[SUPPLIED MATERIAL]
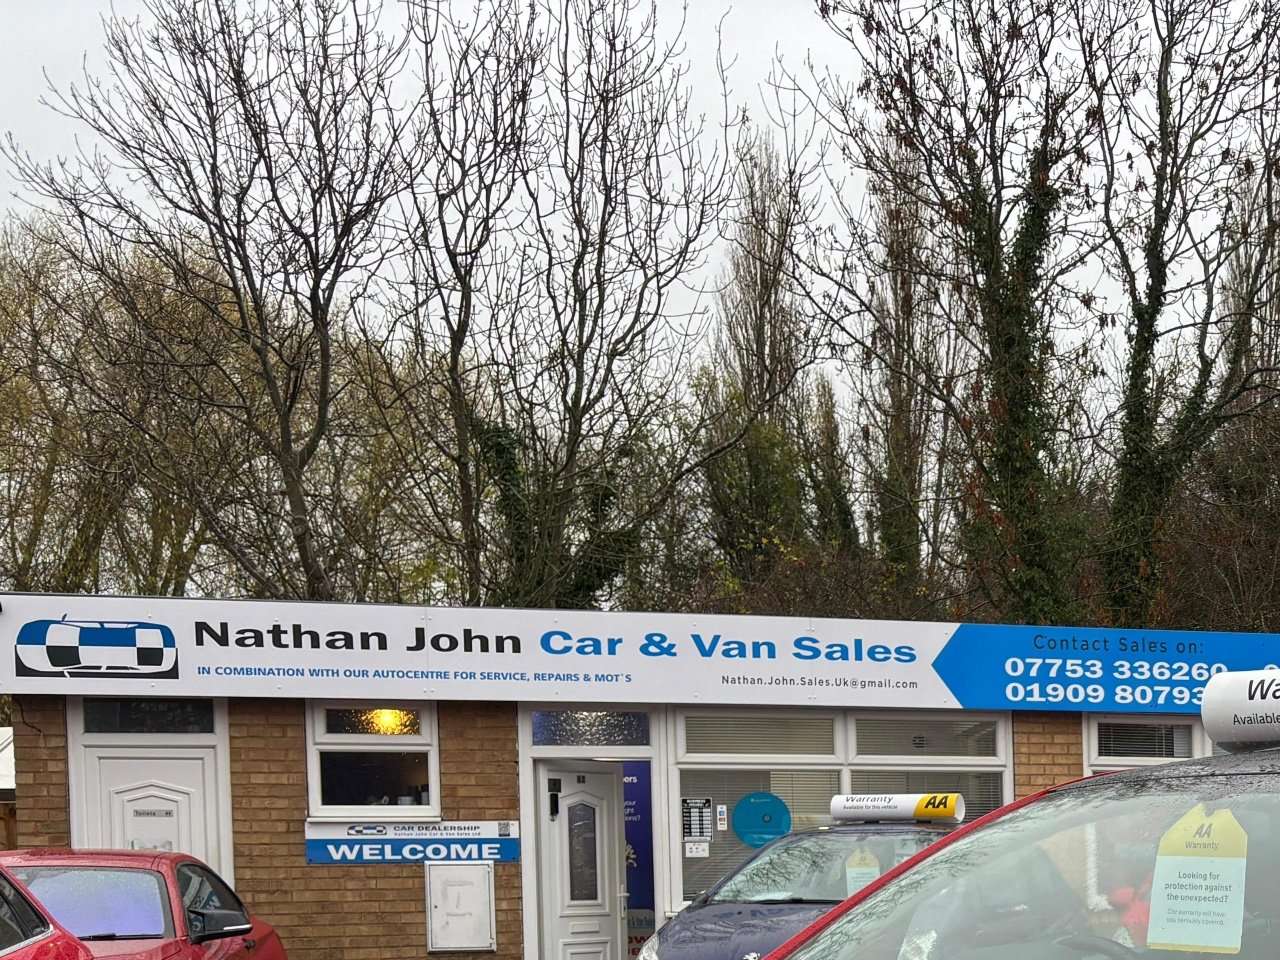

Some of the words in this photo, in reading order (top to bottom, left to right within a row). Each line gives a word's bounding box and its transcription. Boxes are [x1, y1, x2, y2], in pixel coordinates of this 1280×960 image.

[194, 621, 388, 651] Nathan
[406, 627, 522, 653] John
[540, 630, 623, 656] Car
[639, 632, 677, 657] &
[690, 634, 776, 659] Van
[792, 636, 917, 663] Sales
[1033, 634, 1109, 652] Contact
[1119, 637, 1168, 653] Sales
[197, 666, 211, 676] IN
[215, 666, 305, 677] COMBINATION
[308, 668, 340, 678] WITH
[343, 669, 369, 679] OUR
[372, 669, 450, 680] AUTOCENTRE
[454, 671, 477, 681] FOR
[480, 671, 530, 682] SERVICE,
[534, 672, 580, 682] REPAIRS
[583, 673, 592, 682] &
[1004, 657, 1103, 678] 07753
[721, 675, 918, 690] Nathan.John.Sales.Uk@gmail.com
[1005, 682, 1105, 703] 01909
[1114, 685, 1204, 705] 80793
[845, 796, 894, 804] Warranty
[924, 796, 948, 809] AA
[1193, 823, 1213, 839] AA
[326, 844, 501, 860] WELCOME
[1185, 841, 1219, 850] Warranty
[1178, 871, 1207, 881] Looking
[1209, 871, 1220, 881] for
[1164, 882, 1203, 891] protection
[1204, 884, 1232, 892] against
[1166, 893, 1179, 901] the
[1180, 894, 1229, 903] unexpected?
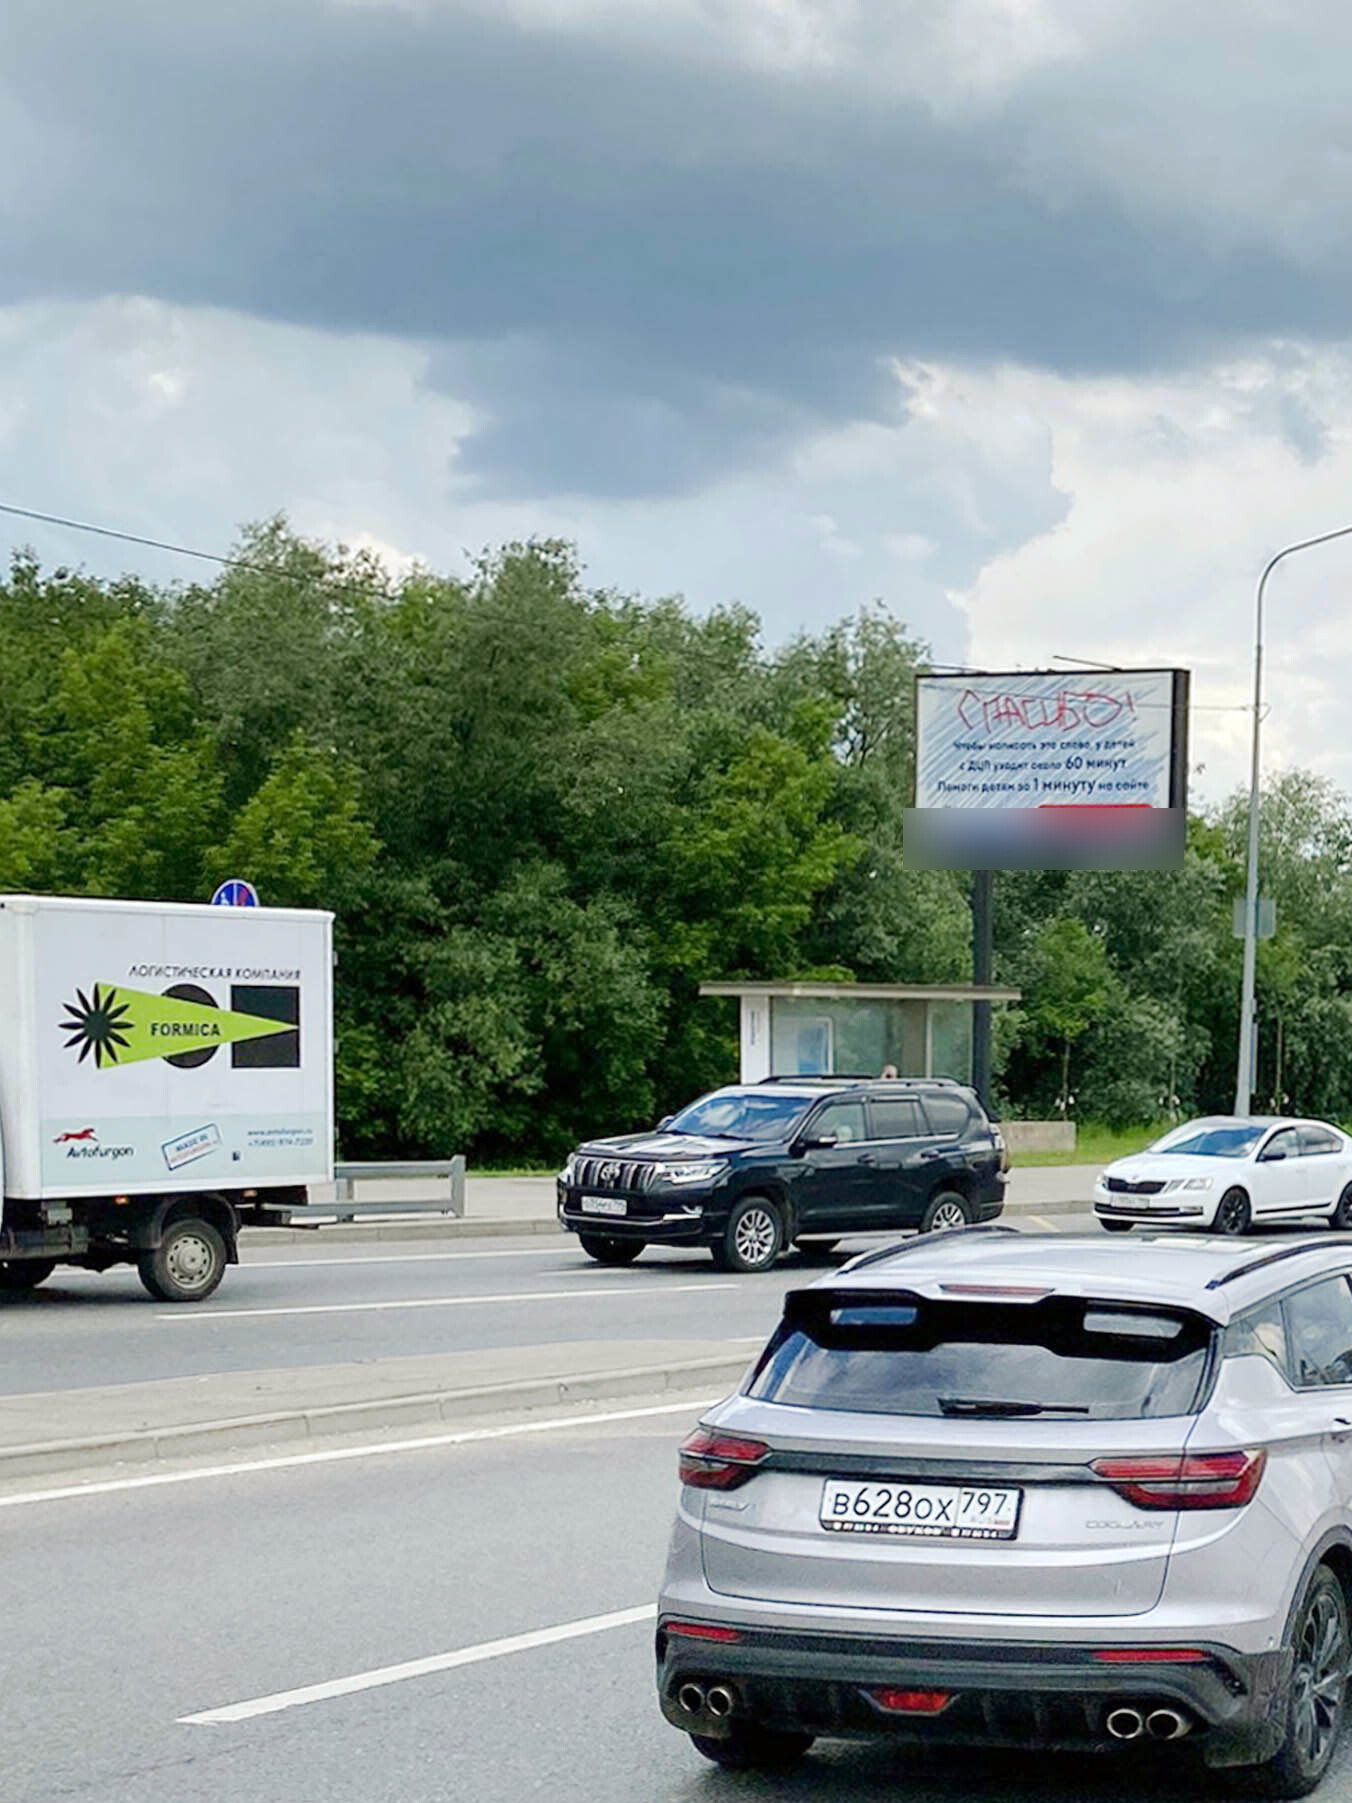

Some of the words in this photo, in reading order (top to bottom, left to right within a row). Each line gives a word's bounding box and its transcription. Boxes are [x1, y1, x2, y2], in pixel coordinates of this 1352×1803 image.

[PROBLEM DETAILS]
Once the pictures are set aside, restate the remaining data above exactly.

[ANSWER AREA]
Some of the words in this photo, in reading order (top to bottom, left to right within a row). Each line gives a word's bounding box and its transcription. Boxes are [x1, y1, x2, y2], in pixel coordinates of this 1280×960 image.

[194, 621, 388, 651] Nathan
[406, 627, 522, 653] John
[540, 630, 623, 656] Car
[639, 632, 677, 657] &
[690, 634, 776, 659] Van
[792, 636, 917, 663] Sales
[1033, 634, 1109, 652] Contact
[1119, 637, 1168, 653] Sales
[197, 666, 211, 676] IN
[215, 666, 305, 677] COMBINATION
[308, 668, 340, 678] WITH
[343, 669, 369, 679] OUR
[372, 669, 450, 680] AUTOCENTRE
[454, 671, 477, 681] FOR
[480, 671, 530, 682] SERVICE,
[534, 672, 580, 682] REPAIRS
[583, 673, 592, 682] &
[1004, 657, 1103, 678] 07753
[721, 675, 918, 690] Nathan.John.Sales.Uk@gmail.com
[1005, 682, 1105, 703] 01909
[1114, 685, 1204, 705] 80793
[845, 796, 894, 804] Warranty
[924, 796, 948, 809] AA
[1193, 823, 1213, 839] AA
[326, 844, 501, 860] WELCOME
[1185, 841, 1219, 850] Warranty
[1178, 871, 1207, 881] Looking
[1209, 871, 1220, 881] for
[1164, 882, 1203, 891] protection
[1204, 884, 1232, 892] against
[1166, 893, 1179, 901] the
[1180, 894, 1229, 903] unexpected?

Some of the words in this photo, in reading order (top to bottom, left to right within a row). Each line gives a word's bounding box and its transcription. Boxes are [x1, y1, x2, y2], in pixel coordinates of this 1352×1803 image.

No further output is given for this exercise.